Business Meeting Etiquette
Appointments are mandatory and should be made in writing (in Italian) 2 to 3 weeks in advance.
Reconfirm the meeting by telephone or fax (again in Italian).
Many companies are closed in August, and if they are open many Italians take vacations at this time, so it is best not to try to schedule meetings then.
In the north, punctuality is viewed as a virtue and your business associates will most likely be on time.
The goal of the initial meeting is to develop a sense of respect and trust with your Italian business colleagues.
Have all your printed material available in both English and Italian.
Hire an interpreter if you are not fluent in Italian.
It is common to be interrupted while speaking or for several people to speak at once.
People often raise their voice to be heard over other speakers, not because they are angry.
Although written agendas are frequently provided, they may not be followed. They serve as a jumping off point for further discussions.
Decisions are not reached in meetings. Meetings are meant for a free flow of ideas and to let everyone have their say.
In the north, people are direct, see time as money, and get down to business after only a brief period of social talk.
In the south, people take a more leisurely approach to life and want to get to know the people with whom they do business.
Allow your Italian business colleagues to set the pace for your negotiations. Follow their lead as to when it is appropriate to move from social to business discussions.

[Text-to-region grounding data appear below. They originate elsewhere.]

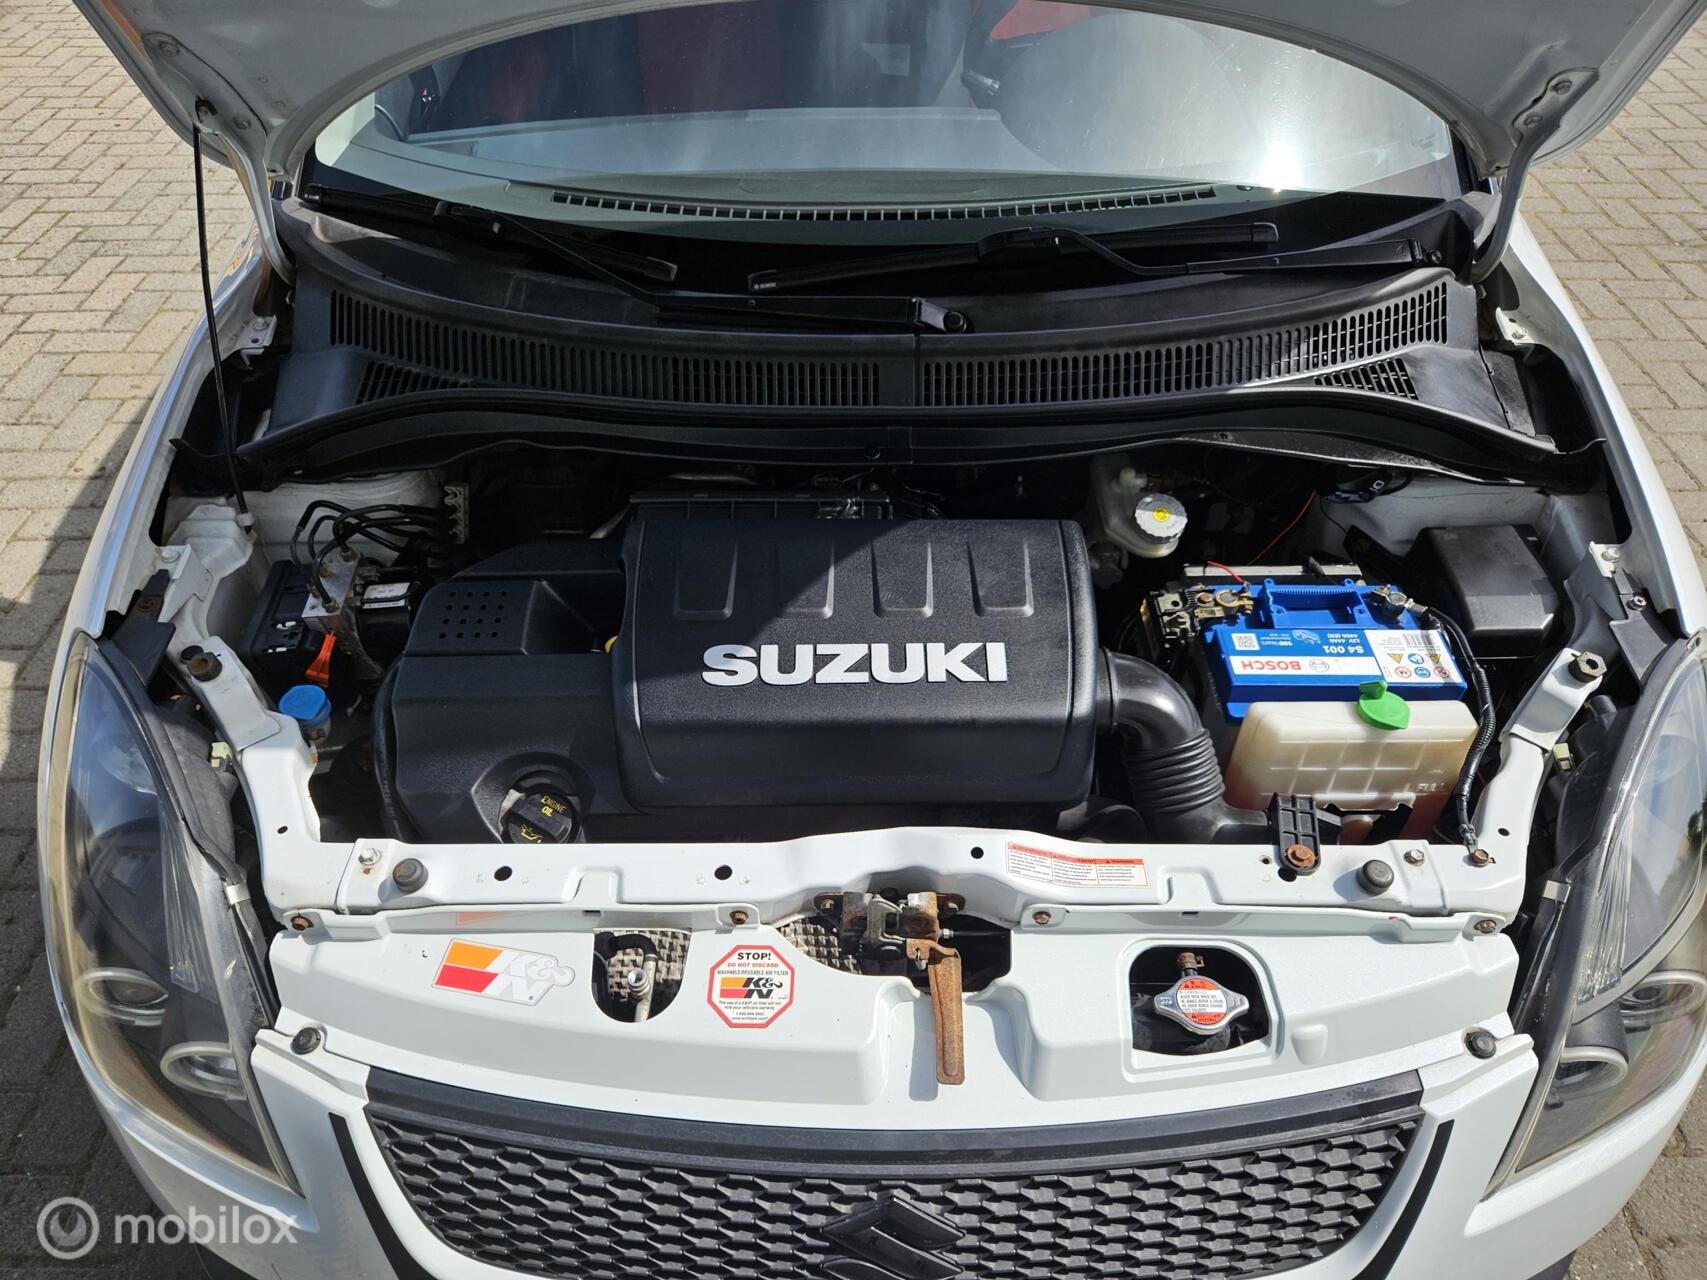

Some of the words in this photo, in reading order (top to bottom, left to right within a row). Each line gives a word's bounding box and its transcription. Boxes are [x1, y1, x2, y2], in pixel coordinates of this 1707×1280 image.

[1322, 645, 1346, 654] 001
[1348, 645, 1365, 654] S4
[701, 642, 1007, 687] SUZUKI
[1240, 660, 1302, 671] BOSCH
[541, 795, 567, 813] ENGINE
[542, 806, 553, 816] OIL
[737, 952, 771, 960] STOP!

Italians prefer to do business with high-ranking people.
Hierarchy is the cornerstone of Italian business. Italians respect power and age.
Negotiations are often protracted.
Never use high-pressure sales tactics.
Always adhere to your verbal agreements. Failing to follow through on a commitment will destroy a business relationship.

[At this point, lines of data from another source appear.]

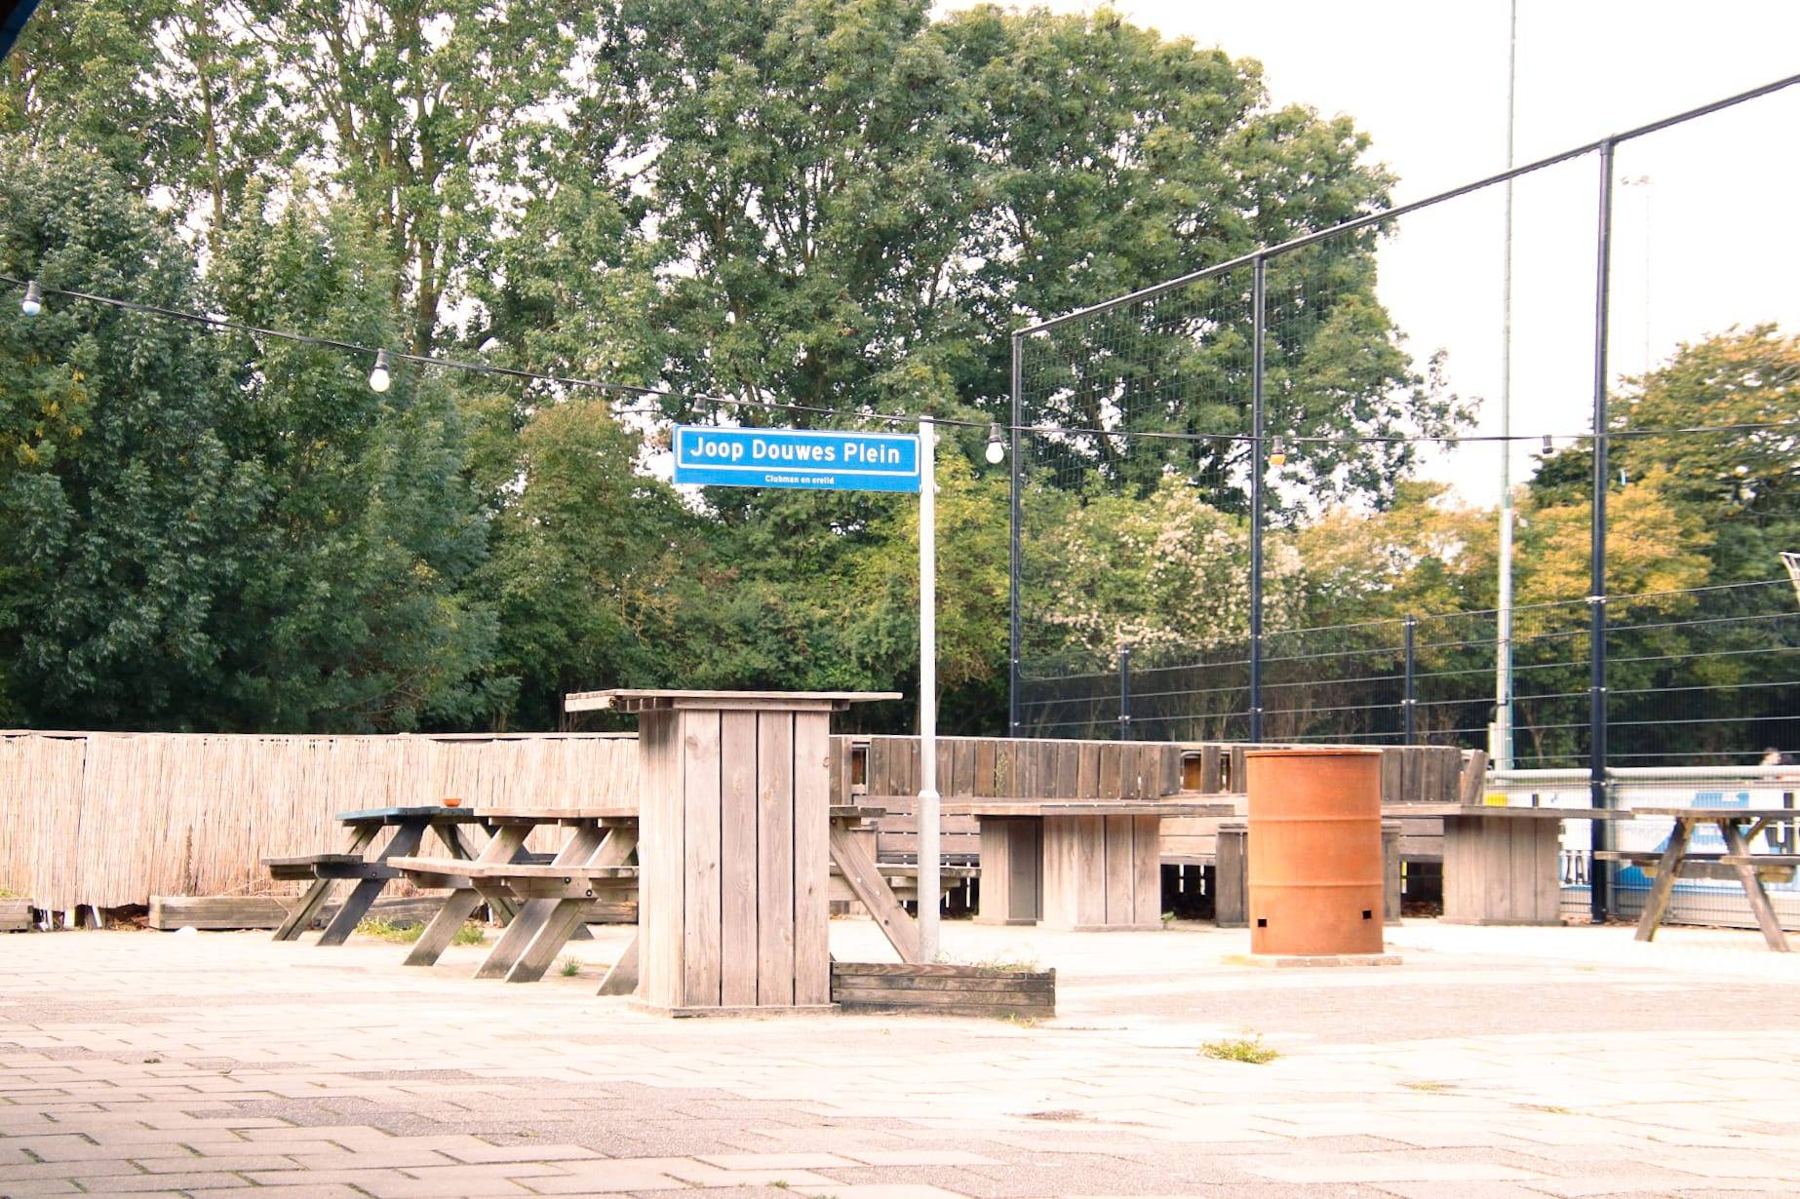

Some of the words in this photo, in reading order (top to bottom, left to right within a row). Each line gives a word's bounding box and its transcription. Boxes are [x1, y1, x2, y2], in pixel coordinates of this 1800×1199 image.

[690, 436, 744, 462] Joop
[752, 439, 836, 462] Douwes
[844, 442, 901, 464] Plein
[765, 474, 800, 483] Clubman
[812, 476, 835, 485] erelid

Heated debates and arguments often erupt in meetings. This is simply a function of the free-flow of ideas.
Haggling over price and delivery date is common.
Decisions are often based more on how you are viewed by the other party than on concrete business objectives.
Dressing well is a priority in Italy.
Men should wear dark coloured, conservative business suits.
Women should wear either business suits or conservative dresses.
Elegant accessories are equally important for men and women.
Business cards are exchanged after the formal introduction.
To demonstrate proper respect for the other person, look closely at their business card before putting it in your card holder.
It is a good idea to have one side of your business card translated into Italian.
If you have a graduate degree, include it on your business card.
Make sure your title is on your card. Italians like knowing how you fit within your organization.